A Study in Maps II

Last night and today, I finished the final map for the four-map piece I discussed below, on Buford’s cavalry at Gettysburg.  This last map (which is actually #3 of the 4) was left for last because I knew it would be the most difficult.  The map is actually a split-map, which shows (on the top half) Col. Devin’s brigade’s actions north of town about 1pm as Rodes’ sharpshooters and skirmishers begin pushing the Federal cavalry over Oak Hill and down the Newville Road.  The bottom half of the map details Col.
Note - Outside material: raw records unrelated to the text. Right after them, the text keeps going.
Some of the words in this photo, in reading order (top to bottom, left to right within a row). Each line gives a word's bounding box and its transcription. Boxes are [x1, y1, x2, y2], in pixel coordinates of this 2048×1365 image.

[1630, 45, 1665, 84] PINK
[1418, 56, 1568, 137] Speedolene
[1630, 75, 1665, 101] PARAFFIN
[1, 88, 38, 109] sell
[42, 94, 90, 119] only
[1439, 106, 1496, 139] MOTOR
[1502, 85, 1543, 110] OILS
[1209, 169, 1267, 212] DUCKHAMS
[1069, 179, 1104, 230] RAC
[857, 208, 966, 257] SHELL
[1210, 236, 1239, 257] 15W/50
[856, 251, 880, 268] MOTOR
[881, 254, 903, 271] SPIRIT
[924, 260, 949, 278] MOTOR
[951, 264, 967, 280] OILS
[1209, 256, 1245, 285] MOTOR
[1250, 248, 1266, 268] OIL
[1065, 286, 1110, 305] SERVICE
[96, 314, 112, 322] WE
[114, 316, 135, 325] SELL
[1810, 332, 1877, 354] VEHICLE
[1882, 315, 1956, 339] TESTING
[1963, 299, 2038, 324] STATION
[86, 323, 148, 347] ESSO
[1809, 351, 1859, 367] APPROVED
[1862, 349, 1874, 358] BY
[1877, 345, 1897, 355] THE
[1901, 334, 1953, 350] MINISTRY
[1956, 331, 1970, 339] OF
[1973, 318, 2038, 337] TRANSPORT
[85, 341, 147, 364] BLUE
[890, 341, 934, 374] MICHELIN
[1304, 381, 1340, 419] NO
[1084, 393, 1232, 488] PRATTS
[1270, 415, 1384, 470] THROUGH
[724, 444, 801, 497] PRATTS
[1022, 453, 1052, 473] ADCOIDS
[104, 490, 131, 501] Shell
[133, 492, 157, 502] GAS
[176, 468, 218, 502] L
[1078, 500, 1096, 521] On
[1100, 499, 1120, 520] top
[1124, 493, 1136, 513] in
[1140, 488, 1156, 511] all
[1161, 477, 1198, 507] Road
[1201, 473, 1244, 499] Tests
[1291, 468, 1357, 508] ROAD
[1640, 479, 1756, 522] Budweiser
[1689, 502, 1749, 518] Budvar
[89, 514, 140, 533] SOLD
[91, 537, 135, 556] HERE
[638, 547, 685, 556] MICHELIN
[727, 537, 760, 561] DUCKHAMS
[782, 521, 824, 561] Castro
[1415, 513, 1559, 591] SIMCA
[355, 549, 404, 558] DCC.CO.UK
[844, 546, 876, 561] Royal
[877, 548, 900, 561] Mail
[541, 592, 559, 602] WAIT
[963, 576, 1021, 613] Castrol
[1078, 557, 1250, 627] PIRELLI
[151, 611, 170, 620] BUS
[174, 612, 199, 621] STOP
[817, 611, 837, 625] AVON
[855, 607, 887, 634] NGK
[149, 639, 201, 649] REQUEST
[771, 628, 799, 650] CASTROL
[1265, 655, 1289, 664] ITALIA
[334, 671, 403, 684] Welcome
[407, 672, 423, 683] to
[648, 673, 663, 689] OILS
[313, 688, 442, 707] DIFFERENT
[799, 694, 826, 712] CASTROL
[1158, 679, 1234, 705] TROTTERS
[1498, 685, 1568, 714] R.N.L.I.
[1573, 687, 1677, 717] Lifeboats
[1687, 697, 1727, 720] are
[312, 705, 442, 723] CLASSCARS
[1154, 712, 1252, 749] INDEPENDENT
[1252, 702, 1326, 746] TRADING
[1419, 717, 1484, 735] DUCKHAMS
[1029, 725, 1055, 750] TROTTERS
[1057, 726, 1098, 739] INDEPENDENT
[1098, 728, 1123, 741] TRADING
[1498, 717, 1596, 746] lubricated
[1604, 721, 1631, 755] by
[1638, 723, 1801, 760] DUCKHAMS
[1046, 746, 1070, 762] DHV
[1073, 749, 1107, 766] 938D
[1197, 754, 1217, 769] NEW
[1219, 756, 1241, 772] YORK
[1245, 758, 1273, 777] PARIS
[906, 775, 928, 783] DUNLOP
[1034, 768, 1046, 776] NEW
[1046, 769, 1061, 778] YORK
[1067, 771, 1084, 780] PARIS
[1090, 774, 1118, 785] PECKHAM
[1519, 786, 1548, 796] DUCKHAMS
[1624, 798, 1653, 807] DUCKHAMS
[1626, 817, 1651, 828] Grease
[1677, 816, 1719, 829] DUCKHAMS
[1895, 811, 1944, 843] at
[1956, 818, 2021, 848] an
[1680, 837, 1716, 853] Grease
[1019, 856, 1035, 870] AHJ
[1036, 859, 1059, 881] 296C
Gamble’s brigade’s actions near the Schultz house and south of the Fairfield Road about 4pm, which draws off Lane’s Confederate brigade from Pender’s assault against the Federal lines from the Lutheran Seminary.

There have been some basic, rudimentary maps done of the latter action, but not in the detail that I’ve shown.  And usually, most of the few maps of it I’ve seen have Gamble’s 8th Illinois Cavalry regiment in the wrong place.  They were massed, mounted, south of the Fairfield Road just west of the David McMillan house and nearly to Willoughby Run (one of the troopers describes the left of the line in “an orchard” and a position from which they could see the creek).  You’ll finally see the regiment’s proper position on this map.

Of the two actions, however, plotting Devin’s skirmish in the early afternoon of July 1 north of town proved to be the most difficult.  In my 30 years of studying it, in fact, I’ve never seen a map of it at all.  Brad Gottfriend, in his wonderful recent book The Maps of Gettysburg, doesn’t begin his maps in this area until Rodes’ full attack about 2:30pm.  David Martin didn’t map it in his book, and neither did Harry Pfanz.  I can’t blame any of them, because for most students the action here doesn’t get “exciting” until the attacks on the right flank of the Federal I and XI Corps begin.

Devin, however, dismounted nearly his entire brigade (about 1000 troopers when you subtract horseholders) and spread them from north of Oak Hill, across the Newville Road, and across the Harrisburg Pike.  The troopers north of Oak Hill and on the Newville Road confronted the advance of Rodes’ Division, especially his sharpshooters under Blackford.  I’ve had a pretty good handle on Devin’s dispositions over the years, and the past few days I dug deep into every primary source at hand just to map sure I would map it as accurately as possible.

For the first time, it will provide students (especially Day One nerds like me) a map to get a handle on Devin’s delaying action against Rodes (and later against Early as he advances on the Harrisburg Road), before the full-scale infantry fighting takes place north of town.  Devin’s actions here have really gotten overlooked until now.  Had his troopers not put up a decently stubborn fight against Rodes’ advance, the southerners may very well have advanced upon the right of the I Corps earlier than they did, rather than pausing on Oak Hill as Rodes assessed the situation.

It’s been fun (and sometimes a little nerve-wracking!) putting the maps together.  Over the next couple of days cartographer Steve Stanley will be emailing the maps back to me for revisions, etc., and I’ll get to see my scribbling turned into professional work.